Mitochondria, isolated from livers of partially hepatectomized rats given a single dose of benzene (2200 mg/kg) 10 h post-hepatectomy, show inhibition of RNA synthesis when they are incubated in vitro. In addition benzene inhibits the synthesis of all three types of RNA in 24-h regenerating rat liver mitochondria in vitro and also in normal rabbit liver mitochondria. Similarly benzene caused a dose-dependent inhibition of RNA synthesis in vitro in mitoplasts derived from cat and rabbit bone marrow mitochondria. The inhibition of mitochondrial RNA synthesis by benzene in all these systems shows a requirement for exogenous NADPH which suggests that benzene must be bioactivated within the organelle. Equivalent concentrations of toluene show no inhibition and the concomitant addition of equimolar toluene and benzene results in protection against benzene inhibition. Similar results were obtained with either intact mitochondria or mitoplasts, mitochondria stripped of their outer membrane. These results suggest that inhibition by benzene is not merely the result of solvent effects on the membranes and that the bioactivation of benzene occurs within the organelle and not by contaminating microsomes adventitiously bound to the outer mitochondrial membrane.
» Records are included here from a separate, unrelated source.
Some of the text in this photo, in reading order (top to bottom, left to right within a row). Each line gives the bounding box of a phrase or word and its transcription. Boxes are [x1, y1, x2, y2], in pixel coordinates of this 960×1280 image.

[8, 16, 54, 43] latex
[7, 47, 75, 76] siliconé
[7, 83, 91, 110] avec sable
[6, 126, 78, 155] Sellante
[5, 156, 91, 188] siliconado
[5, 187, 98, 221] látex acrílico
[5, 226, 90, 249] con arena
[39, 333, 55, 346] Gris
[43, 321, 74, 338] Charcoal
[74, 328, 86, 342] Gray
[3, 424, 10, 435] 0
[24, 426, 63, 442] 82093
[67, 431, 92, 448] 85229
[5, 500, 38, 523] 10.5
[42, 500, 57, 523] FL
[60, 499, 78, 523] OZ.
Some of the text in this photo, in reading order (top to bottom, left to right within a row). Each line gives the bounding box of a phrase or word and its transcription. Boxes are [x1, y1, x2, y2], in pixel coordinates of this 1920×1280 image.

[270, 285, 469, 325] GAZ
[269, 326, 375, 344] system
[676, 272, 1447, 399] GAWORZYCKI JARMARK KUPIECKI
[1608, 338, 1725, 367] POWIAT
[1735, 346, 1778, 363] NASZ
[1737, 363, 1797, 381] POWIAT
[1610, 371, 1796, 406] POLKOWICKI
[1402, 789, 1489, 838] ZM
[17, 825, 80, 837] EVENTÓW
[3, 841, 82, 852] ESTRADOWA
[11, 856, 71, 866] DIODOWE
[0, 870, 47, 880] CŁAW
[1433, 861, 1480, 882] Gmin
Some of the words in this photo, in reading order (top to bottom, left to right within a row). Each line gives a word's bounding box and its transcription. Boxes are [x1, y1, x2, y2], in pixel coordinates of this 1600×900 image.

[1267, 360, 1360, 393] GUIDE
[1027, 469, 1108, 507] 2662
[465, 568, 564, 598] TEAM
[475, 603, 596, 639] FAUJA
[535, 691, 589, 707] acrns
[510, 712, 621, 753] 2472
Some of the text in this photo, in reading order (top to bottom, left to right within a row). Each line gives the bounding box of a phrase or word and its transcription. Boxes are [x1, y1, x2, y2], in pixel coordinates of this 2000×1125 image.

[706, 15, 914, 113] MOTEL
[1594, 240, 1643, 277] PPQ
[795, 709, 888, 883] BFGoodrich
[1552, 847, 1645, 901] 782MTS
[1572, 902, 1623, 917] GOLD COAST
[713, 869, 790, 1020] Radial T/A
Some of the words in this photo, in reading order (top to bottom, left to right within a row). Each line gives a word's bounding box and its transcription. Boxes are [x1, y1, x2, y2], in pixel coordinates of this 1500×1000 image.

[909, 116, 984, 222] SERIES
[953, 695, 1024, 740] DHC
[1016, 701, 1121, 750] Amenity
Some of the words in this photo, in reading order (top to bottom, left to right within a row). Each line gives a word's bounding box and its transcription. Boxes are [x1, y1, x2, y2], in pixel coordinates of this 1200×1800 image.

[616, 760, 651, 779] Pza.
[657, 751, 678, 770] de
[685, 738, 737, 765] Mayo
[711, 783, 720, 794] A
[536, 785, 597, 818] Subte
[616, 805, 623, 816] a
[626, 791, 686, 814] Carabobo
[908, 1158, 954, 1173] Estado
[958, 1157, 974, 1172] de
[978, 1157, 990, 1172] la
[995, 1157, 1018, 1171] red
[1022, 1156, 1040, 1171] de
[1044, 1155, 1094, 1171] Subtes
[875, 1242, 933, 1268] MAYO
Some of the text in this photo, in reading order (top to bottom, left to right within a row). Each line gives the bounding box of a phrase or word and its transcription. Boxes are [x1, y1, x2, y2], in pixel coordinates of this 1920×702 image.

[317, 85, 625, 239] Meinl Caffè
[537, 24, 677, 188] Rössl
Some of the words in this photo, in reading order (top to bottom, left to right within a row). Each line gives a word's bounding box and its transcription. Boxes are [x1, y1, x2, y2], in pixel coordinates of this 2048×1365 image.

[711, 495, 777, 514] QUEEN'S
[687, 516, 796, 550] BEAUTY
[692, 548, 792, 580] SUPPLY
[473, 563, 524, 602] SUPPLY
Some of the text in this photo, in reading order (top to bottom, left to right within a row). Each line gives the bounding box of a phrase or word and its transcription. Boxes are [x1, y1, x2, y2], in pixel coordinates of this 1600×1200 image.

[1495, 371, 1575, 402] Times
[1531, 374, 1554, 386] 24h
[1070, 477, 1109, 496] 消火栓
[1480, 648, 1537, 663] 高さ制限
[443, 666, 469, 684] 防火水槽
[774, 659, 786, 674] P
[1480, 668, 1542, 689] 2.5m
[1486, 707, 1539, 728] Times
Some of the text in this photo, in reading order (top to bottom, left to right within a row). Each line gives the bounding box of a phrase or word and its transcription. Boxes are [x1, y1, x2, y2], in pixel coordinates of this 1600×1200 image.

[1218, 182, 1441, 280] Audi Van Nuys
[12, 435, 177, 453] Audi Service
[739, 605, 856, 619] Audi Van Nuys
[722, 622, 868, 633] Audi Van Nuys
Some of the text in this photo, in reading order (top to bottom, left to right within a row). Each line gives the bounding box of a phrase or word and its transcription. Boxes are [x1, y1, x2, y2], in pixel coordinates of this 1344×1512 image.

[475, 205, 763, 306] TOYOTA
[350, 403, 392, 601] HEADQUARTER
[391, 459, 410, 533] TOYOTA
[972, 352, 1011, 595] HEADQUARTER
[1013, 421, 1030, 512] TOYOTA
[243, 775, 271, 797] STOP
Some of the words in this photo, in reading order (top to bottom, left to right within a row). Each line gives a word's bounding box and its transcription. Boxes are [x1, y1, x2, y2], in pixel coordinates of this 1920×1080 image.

Both liver and bone marrow mitochondria incubated with [ 3H]benzene appear to activate the benzene to a metabolite which can covalently bind to guanine residues in their DNA. Benzene can also inhibit mitochondrial translation most probably because an inhibition of transcription results in a lack of mRNA and a subsequent disaggregation of polysomes. These results demonstrate that mitochondria can bioactivate benzene to a toxic metabolite which binds to DNA and results in an inability of mitochondrial RNA polymerase to transcribe the genome which subsequently result in an inhibition of translation.